3. The mathematical discipline that has much application in Linear
Programming is:
a. Probability theory
b. Queuing theory
c. Ontology
√d. Topology
4. In Linear Programming (LP) what is optimized?
a. Constraints
√b. Objective function
c. Decision variables
d. Slack variables
5. Formulation of a Linear Programming problem consists of drawing up:
a. Decision variables
b. Constraints
c. Objective function
√d. All of the above
6. In an LP, inequities are used in:
√a. constraints
b. objective function
c. a & b
d. none of the above
7. Goal Programming can be useful when the optimization problem has:
a. one specific or unique goal.
b. goals instead of constraints.
√c. multiple objectives.
5. 5
d. decision variables that cannot take fractional value.
8. For the case when the decision variable cannot take fractional values,
a technique related to Linear Programming can be used. It is called:
a. Goal programming
b. Dynamic programming
√c. Integer programming
d. None of the above
9. Regarding decision variables, in a Linear Programming, it is assumed
that:
a. there are economies of scale.
√b. there are no interactions between the decision variables.

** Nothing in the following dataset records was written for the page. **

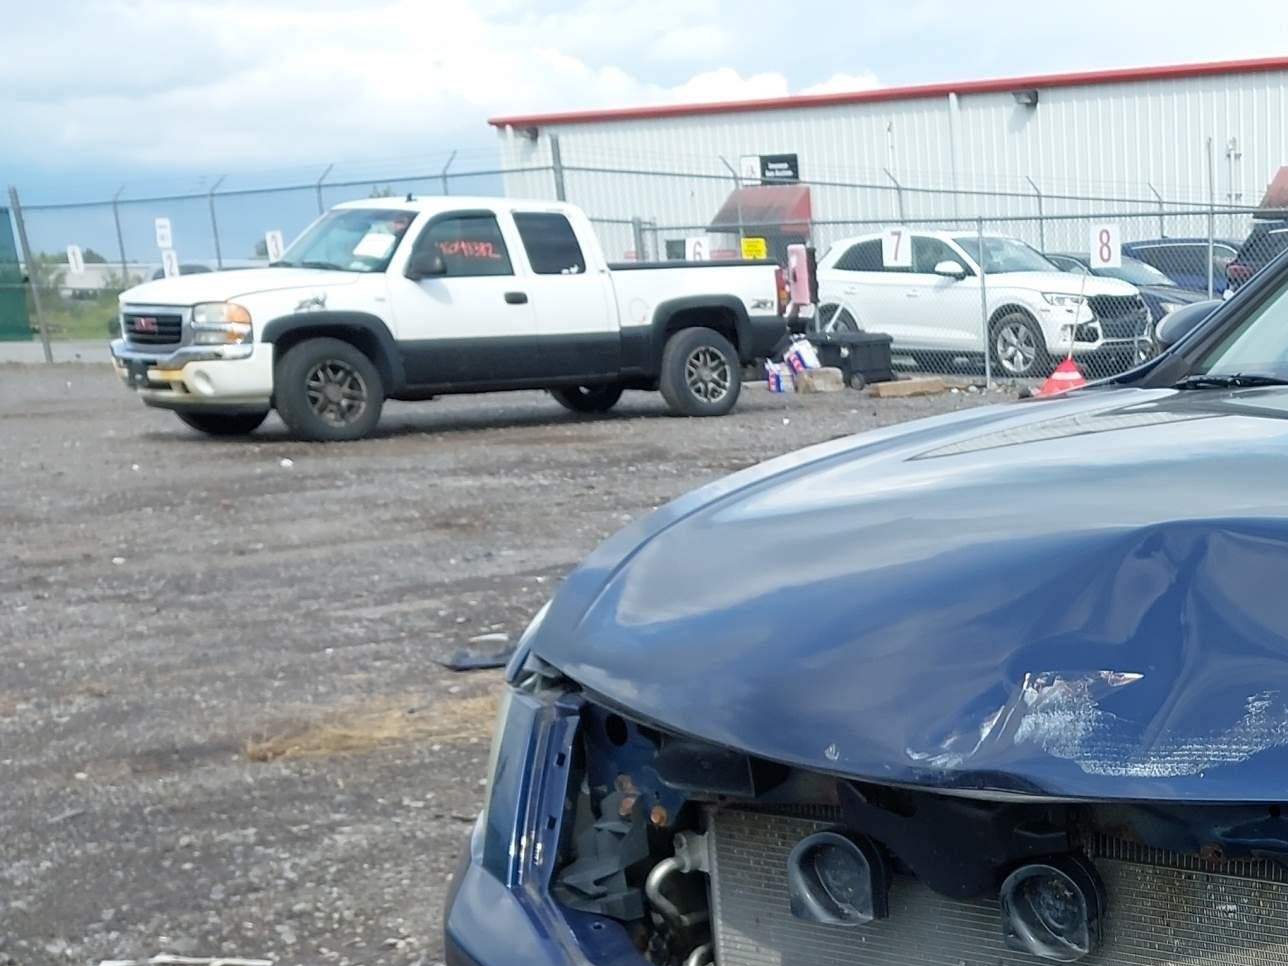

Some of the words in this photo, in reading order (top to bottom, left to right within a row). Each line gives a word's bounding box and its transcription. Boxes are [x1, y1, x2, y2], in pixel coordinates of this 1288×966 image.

[270, 233, 281, 260] 3
[890, 230, 902, 261] 7
[1099, 228, 1112, 264] 8
[166, 253, 176, 277] 2
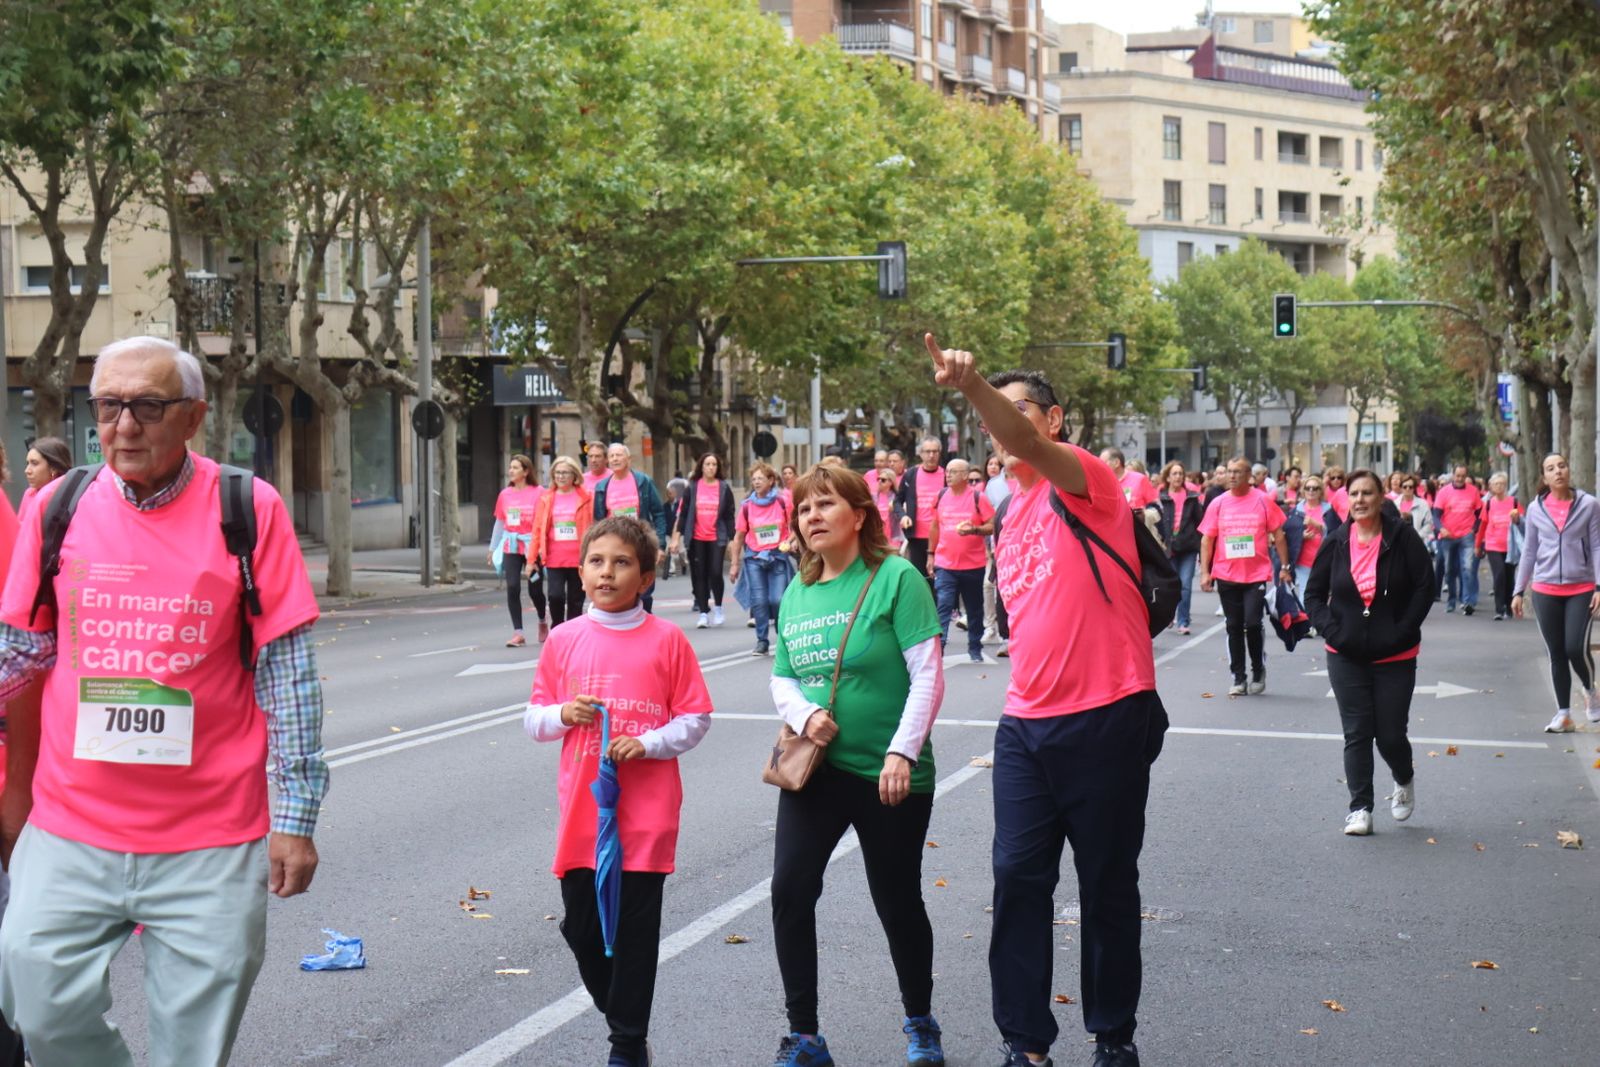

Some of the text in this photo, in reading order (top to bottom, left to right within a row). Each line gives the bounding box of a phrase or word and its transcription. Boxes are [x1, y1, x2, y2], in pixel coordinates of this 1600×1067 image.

[81, 587, 213, 616] En marcha
[81, 617, 208, 644] contra el
[782, 621, 798, 637] En
[794, 647, 838, 667] cánce
[105, 707, 165, 733] 7090

c. they are free to take any value.
d. all of the above.
10.One of the pioneers in formulating the procedure of Linear
Programming technique has been:
√a. G.B. Dantzig
b. Edward Deming
c. Frederick W. Taylor
d. Phil Crosby
11.Linear programming finds use in:
a. Production planning
b. Product-mix decisions
c. Capital budgeting
√d. All the above
12.When there are multiple objectives, we can use:
√a. Goal programming
b. Dynamic programming
c. Integer programming
d. None of the above
13.An iterative mathematical procedure used to solve a Linear
programming problem is:
a. Interpoint Savings method
b. Kilbridge & Wester method
c. Delphi method
√d. Simplex method
6. 6
14.The following is a variant of Linear Programming:
a. Bayesian analysis
b. Strings & Weights analog method
√c. Transportation problem
d. None of the above
15.Simplex routine is basically a technique for::
√a. maximizing
b. minimizing
c. a & b
d. none of the above
16.Strings & Weights method is used in:
a. Purchasing
√b. Warehouse location.
c. Linear Programming
d. Dynamic Programming
17.Transportation problem is related to:
√a. Linear programming
b. Purchase price decisions
c. Inventory control under uncertainty
d. Vehicle route scheduling
18.In Linear programming, the optimum solution lies:
a. within the feasible region.
b. in line with a binding constraint.
c. in line with a slack constraint.
√d. at one of the corners of the feasible region (polygon).